Saturday, September 24, 2011

Anger and Serotonin

My buddy Jamie Scott is a research machine.  It's all I can do to keep up with the interesting papers and links he emails my direction.  Today's article is yet another one we owe to his sharp eye.  He also has brand new digs at a wordpress blog (*brief moment of jealousy*) - so edit/add him to your blogroll and check it out:

Some music - I rather adore the Yeah Yeah Yeahs.  Here's an oldie but a goodie:  Gold Lion (right click to open in new tab).  Favorite comment on youtube:  "i think I just got whiplash rocking out to this song" [sic].

Want something a bit more classical?  How about a Chopin Nocturne played by none other than Rachmaninoff from 1927?  (You will not be rocking out, but it is quite lovely).

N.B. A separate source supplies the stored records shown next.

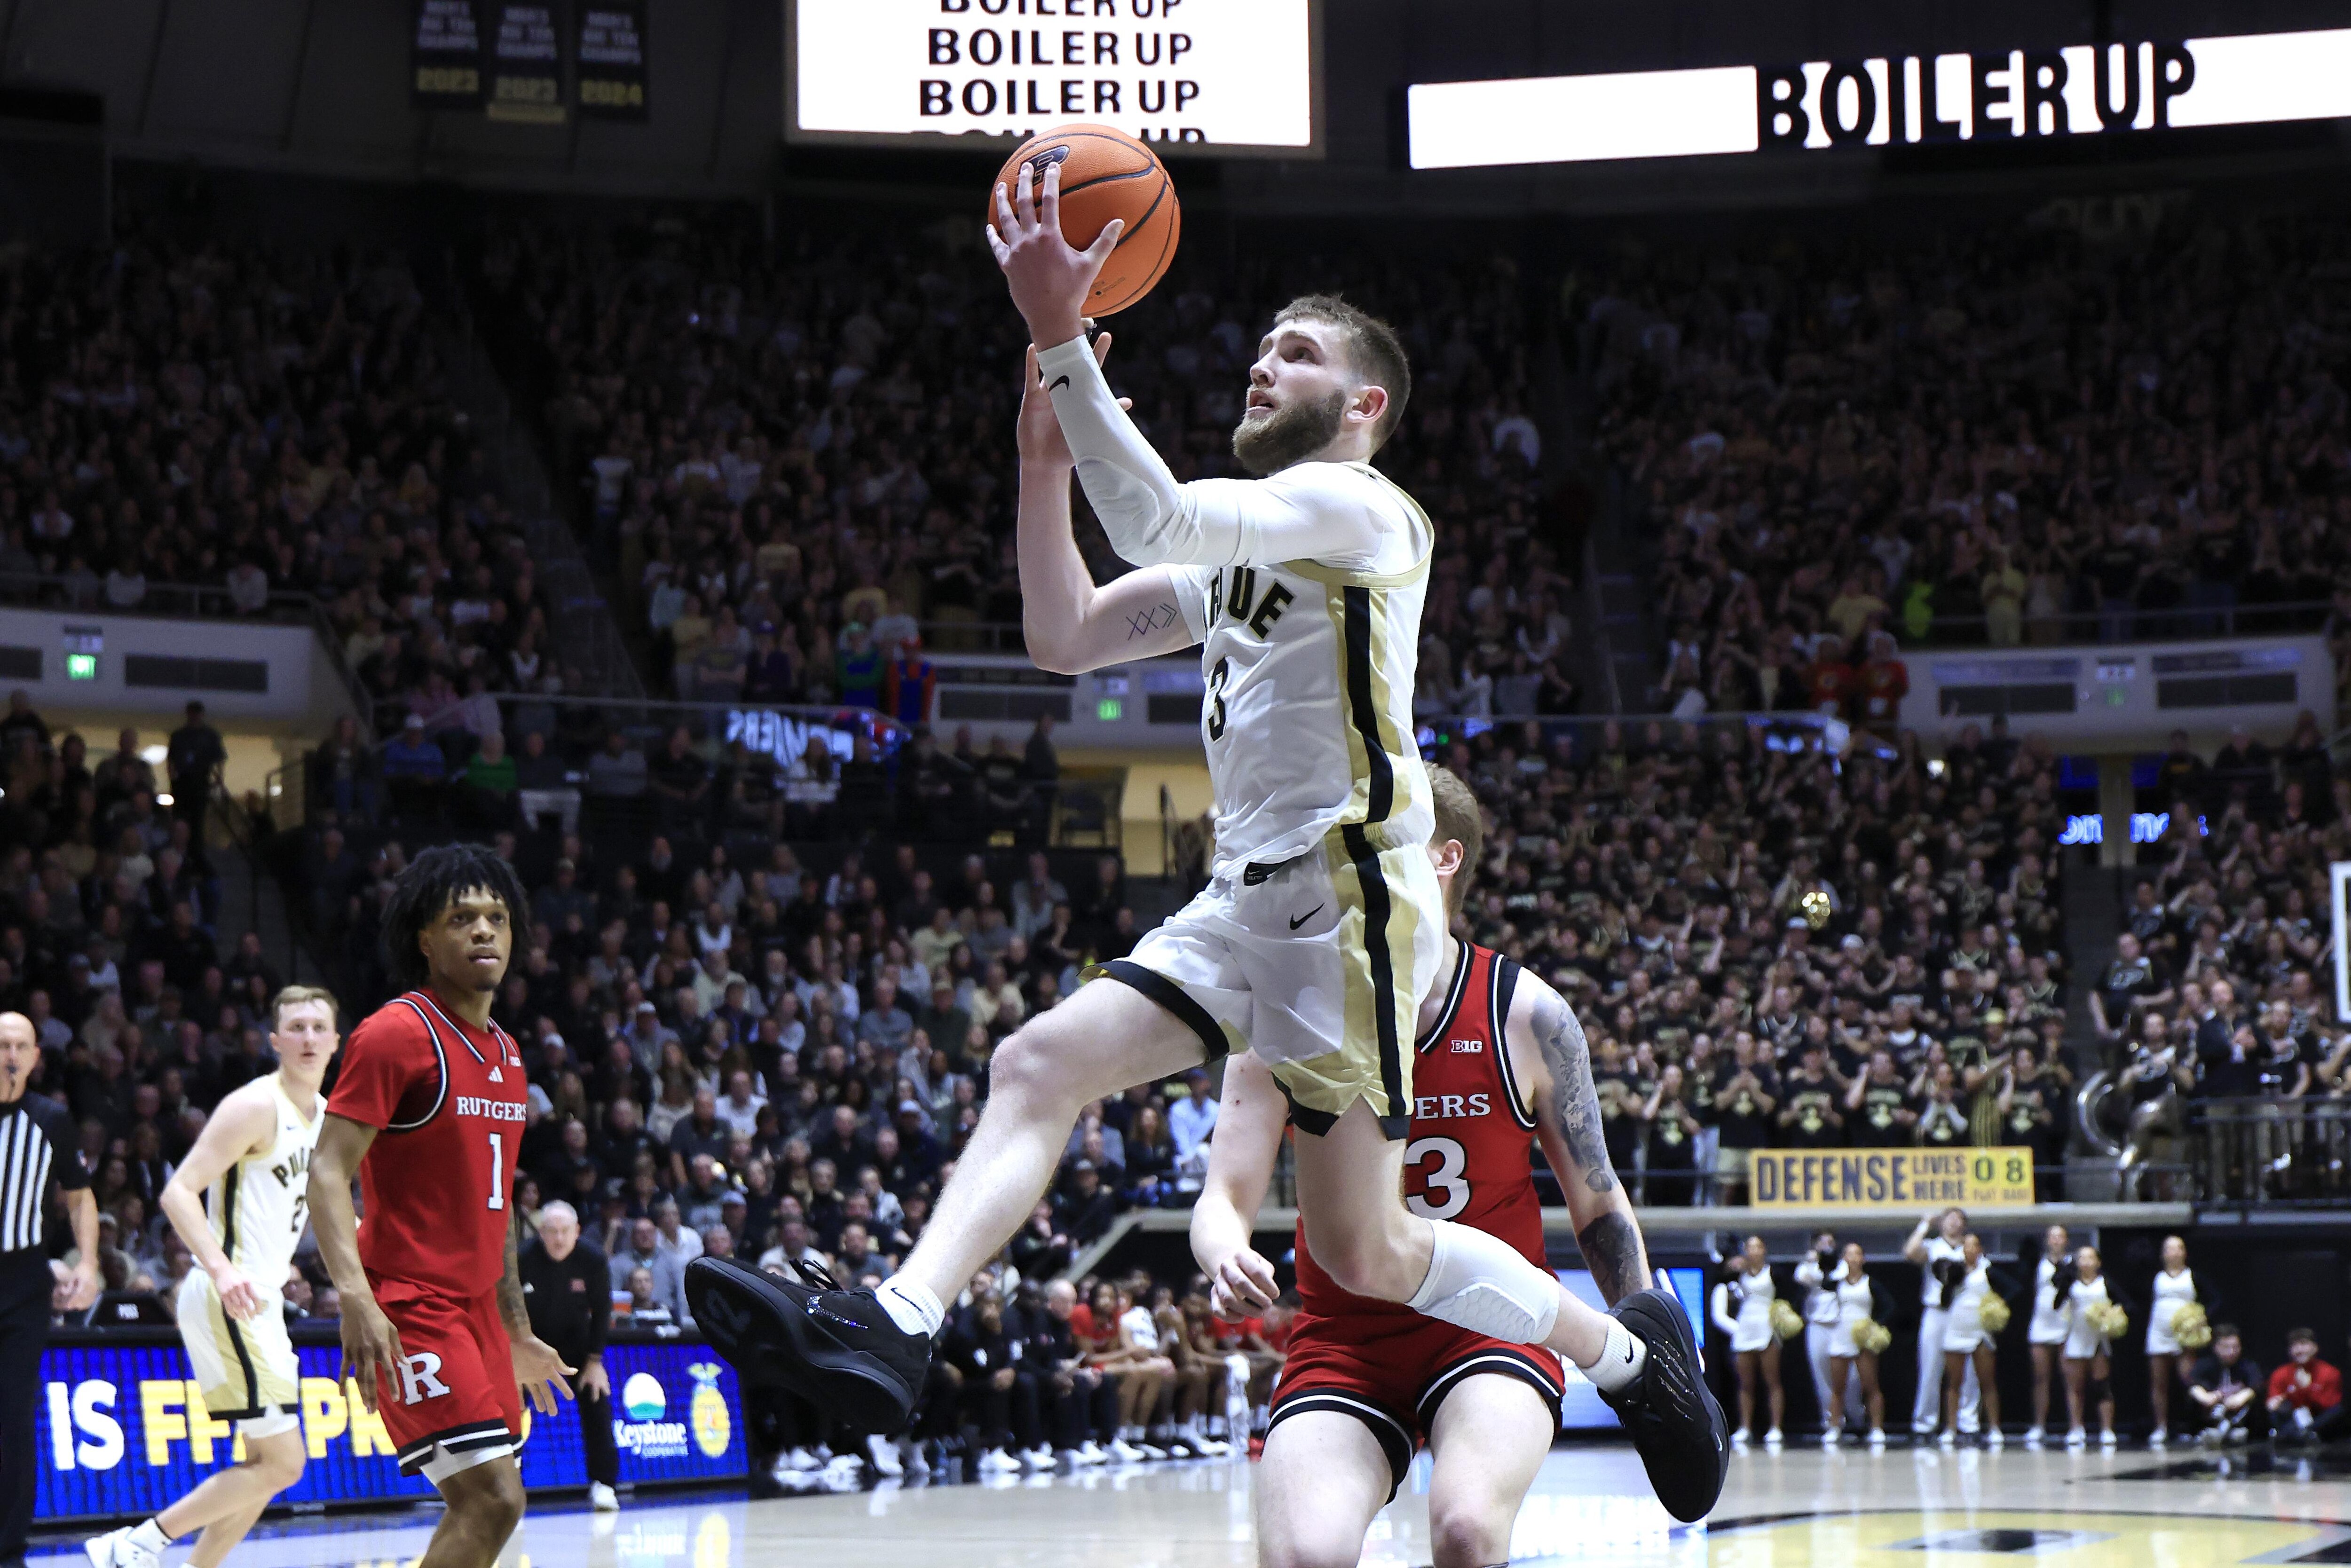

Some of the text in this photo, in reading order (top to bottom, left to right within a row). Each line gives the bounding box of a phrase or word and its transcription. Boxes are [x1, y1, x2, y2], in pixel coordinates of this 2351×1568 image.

[929, 28, 1191, 65] BOILER UP
[920, 79, 1199, 117] BOILER UP
[1208, 655, 1228, 742] 3
[1414, 1093, 1491, 1120] ERS
[487, 1132, 505, 1210] 1
[1404, 1136, 1471, 1221] 3
[1758, 1156, 1906, 1201] DEFENSE
[1914, 1155, 1966, 1174] LIVES
[1914, 1180, 1965, 1200] HERE
[396, 1352, 450, 1406] R
[47, 1379, 125, 1471] IS
[140, 1379, 247, 1467] FF
[613, 1419, 688, 1455] Keystone
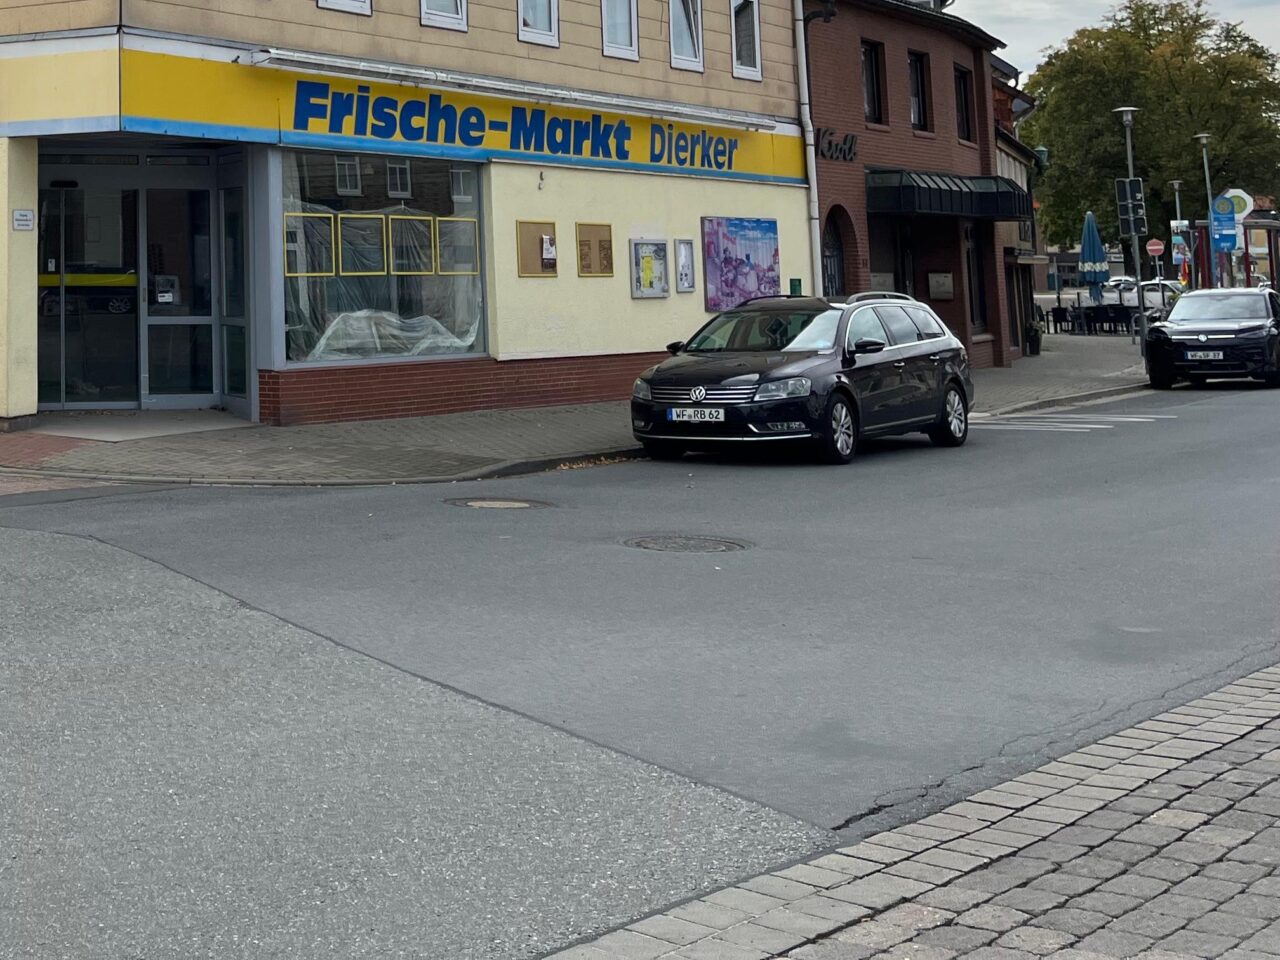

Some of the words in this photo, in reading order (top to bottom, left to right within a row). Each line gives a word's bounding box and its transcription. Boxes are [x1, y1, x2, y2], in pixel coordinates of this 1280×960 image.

[293, 79, 632, 161] Frische-Markt
[649, 122, 739, 171] Dierker
[675, 409, 687, 419] WF
[693, 409, 706, 419] RB
[708, 409, 721, 419] 62

It's kinda cool.  Involves humans, which is always a plus.  It is one of those "view angry faces whilst in a functional MRI machine" which has some limitations, but it is pretty much the only way to see what's going on in real time in the old noggin, seeing as how it's rather awkward to test gene expression and neurotransmitter levels other ways without decapitation (not likely to pass the institutional review board any time soon, unless you were unfortunate enough to be born as a research rodent).  (Random aside - Andrew tweeted this REAL MIND READING finding yesterday.  Wow.) 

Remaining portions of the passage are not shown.